Write all entries out exactly, images excluded.

:: The input

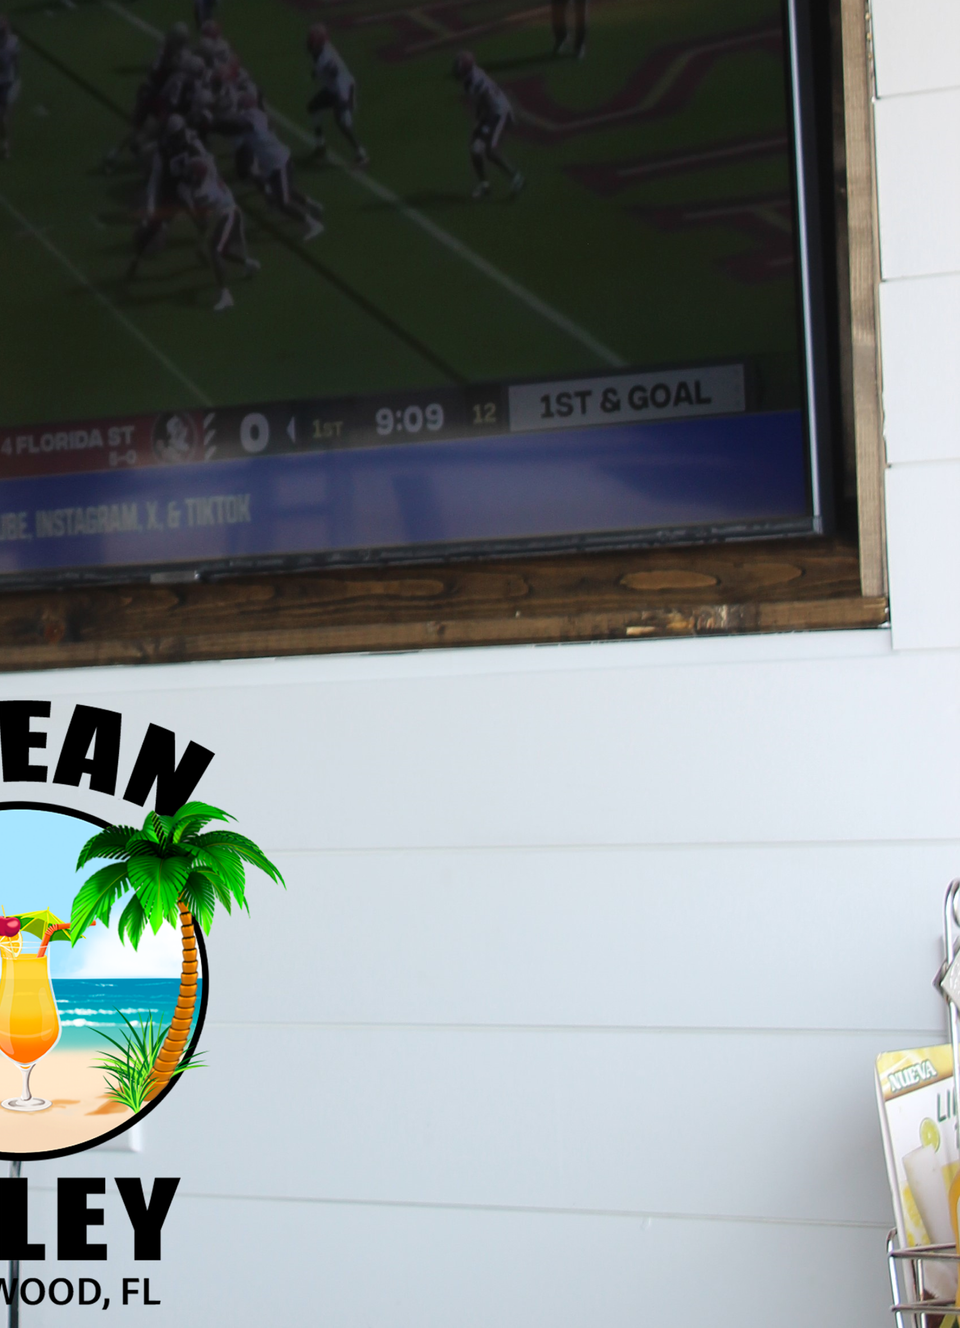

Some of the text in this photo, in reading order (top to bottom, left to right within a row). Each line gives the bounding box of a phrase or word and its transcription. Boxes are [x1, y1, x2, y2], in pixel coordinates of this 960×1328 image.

[472, 402, 497, 423] 12
[540, 379, 712, 419] 1ST & GOAL
[239, 412, 270, 453] 0
[375, 402, 444, 436] 9:09
[15, 428, 103, 455] FLORIDA
[107, 425, 136, 447] ST
[35, 501, 144, 538] INSTAGRAM,
[184, 493, 252, 527] TIKTOK
[888, 1059, 938, 1093] NUEVA

::::

Solution for this problem:
Some of the text in this photo, in reading order (top to bottom, left to right within a row). Each line gives the bounding box of a phrase or word and its transcription. Boxes are [x1, y1, x2, y2], in pixel coordinates of this 960×1328 image.

[472, 402, 497, 423] 12
[540, 379, 712, 419] 1ST & GOAL
[239, 412, 270, 453] 0
[375, 402, 444, 436] 9:09
[15, 428, 103, 455] FLORIDA
[107, 425, 136, 447] ST
[35, 501, 144, 538] INSTAGRAM,
[184, 493, 252, 527] TIKTOK
[888, 1059, 938, 1093] NUEVA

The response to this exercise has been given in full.